> **ASSIGNED TASK**
Copy the records. Keep every line exactly as it is.

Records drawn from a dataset
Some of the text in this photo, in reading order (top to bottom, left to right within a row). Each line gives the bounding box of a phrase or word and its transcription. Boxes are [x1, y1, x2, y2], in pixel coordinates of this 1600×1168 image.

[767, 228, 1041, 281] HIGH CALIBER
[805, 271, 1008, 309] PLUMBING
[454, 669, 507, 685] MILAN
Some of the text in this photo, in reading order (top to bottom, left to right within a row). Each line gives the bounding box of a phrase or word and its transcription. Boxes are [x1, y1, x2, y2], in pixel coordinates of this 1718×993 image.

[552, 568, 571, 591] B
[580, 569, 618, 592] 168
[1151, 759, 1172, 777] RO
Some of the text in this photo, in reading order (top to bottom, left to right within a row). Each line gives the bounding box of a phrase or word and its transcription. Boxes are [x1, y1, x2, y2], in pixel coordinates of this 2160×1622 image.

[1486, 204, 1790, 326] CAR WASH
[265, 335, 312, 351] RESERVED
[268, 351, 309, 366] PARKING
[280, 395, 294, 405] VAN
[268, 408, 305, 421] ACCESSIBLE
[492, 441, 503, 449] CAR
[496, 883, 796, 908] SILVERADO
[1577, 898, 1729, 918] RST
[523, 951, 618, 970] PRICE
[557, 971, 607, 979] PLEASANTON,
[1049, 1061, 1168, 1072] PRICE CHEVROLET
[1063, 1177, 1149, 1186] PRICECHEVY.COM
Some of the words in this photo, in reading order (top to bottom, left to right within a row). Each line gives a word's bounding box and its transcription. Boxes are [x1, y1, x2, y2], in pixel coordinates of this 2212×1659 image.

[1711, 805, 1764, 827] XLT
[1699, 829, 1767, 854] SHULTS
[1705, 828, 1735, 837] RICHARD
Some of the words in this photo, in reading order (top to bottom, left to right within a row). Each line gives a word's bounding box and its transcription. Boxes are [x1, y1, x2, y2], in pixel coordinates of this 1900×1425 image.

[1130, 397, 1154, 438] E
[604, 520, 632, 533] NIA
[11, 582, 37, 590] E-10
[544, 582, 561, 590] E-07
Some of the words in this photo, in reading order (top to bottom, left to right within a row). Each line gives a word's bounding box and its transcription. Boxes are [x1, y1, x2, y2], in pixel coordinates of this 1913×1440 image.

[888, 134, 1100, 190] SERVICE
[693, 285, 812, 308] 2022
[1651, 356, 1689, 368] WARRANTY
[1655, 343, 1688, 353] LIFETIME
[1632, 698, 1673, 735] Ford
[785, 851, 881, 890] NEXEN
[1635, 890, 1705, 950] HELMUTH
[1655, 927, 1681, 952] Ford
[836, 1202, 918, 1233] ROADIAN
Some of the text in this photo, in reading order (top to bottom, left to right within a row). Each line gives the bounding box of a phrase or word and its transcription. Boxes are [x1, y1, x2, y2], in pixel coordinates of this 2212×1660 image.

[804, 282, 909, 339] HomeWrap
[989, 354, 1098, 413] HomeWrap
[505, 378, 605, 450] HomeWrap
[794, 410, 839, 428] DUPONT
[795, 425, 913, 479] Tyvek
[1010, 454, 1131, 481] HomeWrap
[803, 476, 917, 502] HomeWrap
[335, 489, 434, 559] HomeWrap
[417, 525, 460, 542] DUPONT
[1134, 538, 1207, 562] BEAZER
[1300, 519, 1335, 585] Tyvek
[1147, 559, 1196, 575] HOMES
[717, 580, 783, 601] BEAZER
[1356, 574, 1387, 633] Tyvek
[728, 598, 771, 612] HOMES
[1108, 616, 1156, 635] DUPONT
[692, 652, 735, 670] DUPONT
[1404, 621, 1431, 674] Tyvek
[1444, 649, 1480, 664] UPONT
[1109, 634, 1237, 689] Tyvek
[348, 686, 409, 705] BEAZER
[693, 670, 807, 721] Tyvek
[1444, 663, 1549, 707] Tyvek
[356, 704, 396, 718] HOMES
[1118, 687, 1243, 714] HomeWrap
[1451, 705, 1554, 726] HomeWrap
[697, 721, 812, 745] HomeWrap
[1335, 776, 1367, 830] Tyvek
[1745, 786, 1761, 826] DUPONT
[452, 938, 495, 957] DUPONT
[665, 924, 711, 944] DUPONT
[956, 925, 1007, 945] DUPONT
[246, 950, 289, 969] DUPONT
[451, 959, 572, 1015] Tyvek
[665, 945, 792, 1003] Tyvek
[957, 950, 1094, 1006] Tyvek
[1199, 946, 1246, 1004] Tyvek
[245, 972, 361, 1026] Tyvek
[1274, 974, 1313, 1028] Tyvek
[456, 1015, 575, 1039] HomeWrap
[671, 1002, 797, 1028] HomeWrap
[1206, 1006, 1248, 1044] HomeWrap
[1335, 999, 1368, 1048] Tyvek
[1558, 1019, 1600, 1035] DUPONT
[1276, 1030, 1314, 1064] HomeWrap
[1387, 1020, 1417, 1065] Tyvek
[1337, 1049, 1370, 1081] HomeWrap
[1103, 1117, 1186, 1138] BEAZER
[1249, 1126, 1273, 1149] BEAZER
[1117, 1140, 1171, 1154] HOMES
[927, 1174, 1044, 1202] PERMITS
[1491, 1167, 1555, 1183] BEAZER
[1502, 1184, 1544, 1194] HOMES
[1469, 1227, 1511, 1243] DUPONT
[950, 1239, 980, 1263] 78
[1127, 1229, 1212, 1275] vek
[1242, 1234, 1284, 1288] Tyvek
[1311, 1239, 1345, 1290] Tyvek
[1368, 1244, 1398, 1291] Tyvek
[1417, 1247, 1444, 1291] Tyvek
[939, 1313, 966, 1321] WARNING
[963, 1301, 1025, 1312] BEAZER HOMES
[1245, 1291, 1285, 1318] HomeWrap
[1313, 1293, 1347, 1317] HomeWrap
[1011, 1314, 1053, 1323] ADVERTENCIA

> **RESULT**
Some of the text in this photo, in reading order (top to bottom, left to right within a row). Each line gives the bounding box of a phrase or word and its transcription. Boxes are [x1, y1, x2, y2], in pixel coordinates of this 1600×1168 image.

[767, 228, 1041, 281] HIGH CALIBER
[805, 271, 1008, 309] PLUMBING
[454, 669, 507, 685] MILAN
Some of the text in this photo, in reading order (top to bottom, left to right within a row). Each line gives the bounding box of a phrase or word and its transcription. Boxes are [x1, y1, x2, y2], in pixel coordinates of this 1718×993 image.

[552, 568, 571, 591] B
[580, 569, 618, 592] 168
[1151, 759, 1172, 777] RO
Some of the text in this photo, in reading order (top to bottom, left to right within a row). Each line gives the bounding box of a phrase or word and its transcription. Boxes are [x1, y1, x2, y2], in pixel coordinates of this 2160×1622 image.

[1486, 204, 1790, 326] CAR WASH
[265, 335, 312, 351] RESERVED
[268, 351, 309, 366] PARKING
[280, 395, 294, 405] VAN
[268, 408, 305, 421] ACCESSIBLE
[492, 441, 503, 449] CAR
[496, 883, 796, 908] SILVERADO
[1577, 898, 1729, 918] RST
[523, 951, 618, 970] PRICE
[557, 971, 607, 979] PLEASANTON,
[1049, 1061, 1168, 1072] PRICE CHEVROLET
[1063, 1177, 1149, 1186] PRICECHEVY.COM
Some of the words in this photo, in reading order (top to bottom, left to right within a row). Each line gives a word's bounding box and its transcription. Boxes are [x1, y1, x2, y2], in pixel coordinates of this 2212×1659 image.

[1711, 805, 1764, 827] XLT
[1699, 829, 1767, 854] SHULTS
[1705, 828, 1735, 837] RICHARD
Some of the words in this photo, in reading order (top to bottom, left to right within a row). Each line gives a word's bounding box and its transcription. Boxes are [x1, y1, x2, y2], in pixel coordinates of this 1900×1425 image.

[1130, 397, 1154, 438] E
[604, 520, 632, 533] NIA
[11, 582, 37, 590] E-10
[544, 582, 561, 590] E-07
Some of the words in this photo, in reading order (top to bottom, left to right within a row). Each line gives a word's bounding box and its transcription. Boxes are [x1, y1, x2, y2], in pixel coordinates of this 1913×1440 image.

[888, 134, 1100, 190] SERVICE
[693, 285, 812, 308] 2022
[1651, 356, 1689, 368] WARRANTY
[1655, 343, 1688, 353] LIFETIME
[1632, 698, 1673, 735] Ford
[785, 851, 881, 890] NEXEN
[1635, 890, 1705, 950] HELMUTH
[1655, 927, 1681, 952] Ford
[836, 1202, 918, 1233] ROADIAN
Some of the text in this photo, in reading order (top to bottom, left to right within a row). Each line gives the bounding box of a phrase or word and its transcription. Boxes are [x1, y1, x2, y2], in pixel coordinates of this 2212×1660 image.

[804, 282, 909, 339] HomeWrap
[989, 354, 1098, 413] HomeWrap
[505, 378, 605, 450] HomeWrap
[794, 410, 839, 428] DUPONT
[795, 425, 913, 479] Tyvek
[1010, 454, 1131, 481] HomeWrap
[803, 476, 917, 502] HomeWrap
[335, 489, 434, 559] HomeWrap
[417, 525, 460, 542] DUPONT
[1134, 538, 1207, 562] BEAZER
[1300, 519, 1335, 585] Tyvek
[1147, 559, 1196, 575] HOMES
[717, 580, 783, 601] BEAZER
[1356, 574, 1387, 633] Tyvek
[728, 598, 771, 612] HOMES
[1108, 616, 1156, 635] DUPONT
[692, 652, 735, 670] DUPONT
[1404, 621, 1431, 674] Tyvek
[1444, 649, 1480, 664] UPONT
[1109, 634, 1237, 689] Tyvek
[348, 686, 409, 705] BEAZER
[693, 670, 807, 721] Tyvek
[1444, 663, 1549, 707] Tyvek
[356, 704, 396, 718] HOMES
[1118, 687, 1243, 714] HomeWrap
[1451, 705, 1554, 726] HomeWrap
[697, 721, 812, 745] HomeWrap
[1335, 776, 1367, 830] Tyvek
[1745, 786, 1761, 826] DUPONT
[452, 938, 495, 957] DUPONT
[665, 924, 711, 944] DUPONT
[956, 925, 1007, 945] DUPONT
[246, 950, 289, 969] DUPONT
[451, 959, 572, 1015] Tyvek
[665, 945, 792, 1003] Tyvek
[957, 950, 1094, 1006] Tyvek
[1199, 946, 1246, 1004] Tyvek
[245, 972, 361, 1026] Tyvek
[1274, 974, 1313, 1028] Tyvek
[456, 1015, 575, 1039] HomeWrap
[671, 1002, 797, 1028] HomeWrap
[1206, 1006, 1248, 1044] HomeWrap
[1335, 999, 1368, 1048] Tyvek
[1558, 1019, 1600, 1035] DUPONT
[1276, 1030, 1314, 1064] HomeWrap
[1387, 1020, 1417, 1065] Tyvek
[1337, 1049, 1370, 1081] HomeWrap
[1103, 1117, 1186, 1138] BEAZER
[1249, 1126, 1273, 1149] BEAZER
[1117, 1140, 1171, 1154] HOMES
[927, 1174, 1044, 1202] PERMITS
[1491, 1167, 1555, 1183] BEAZER
[1502, 1184, 1544, 1194] HOMES
[1469, 1227, 1511, 1243] DUPONT
[950, 1239, 980, 1263] 78
[1127, 1229, 1212, 1275] vek
[1242, 1234, 1284, 1288] Tyvek
[1311, 1239, 1345, 1290] Tyvek
[1368, 1244, 1398, 1291] Tyvek
[1417, 1247, 1444, 1291] Tyvek
[939, 1313, 966, 1321] WARNING
[963, 1301, 1025, 1312] BEAZER HOMES
[1245, 1291, 1285, 1318] HomeWrap
[1313, 1293, 1347, 1317] HomeWrap
[1011, 1314, 1053, 1323] ADVERTENCIA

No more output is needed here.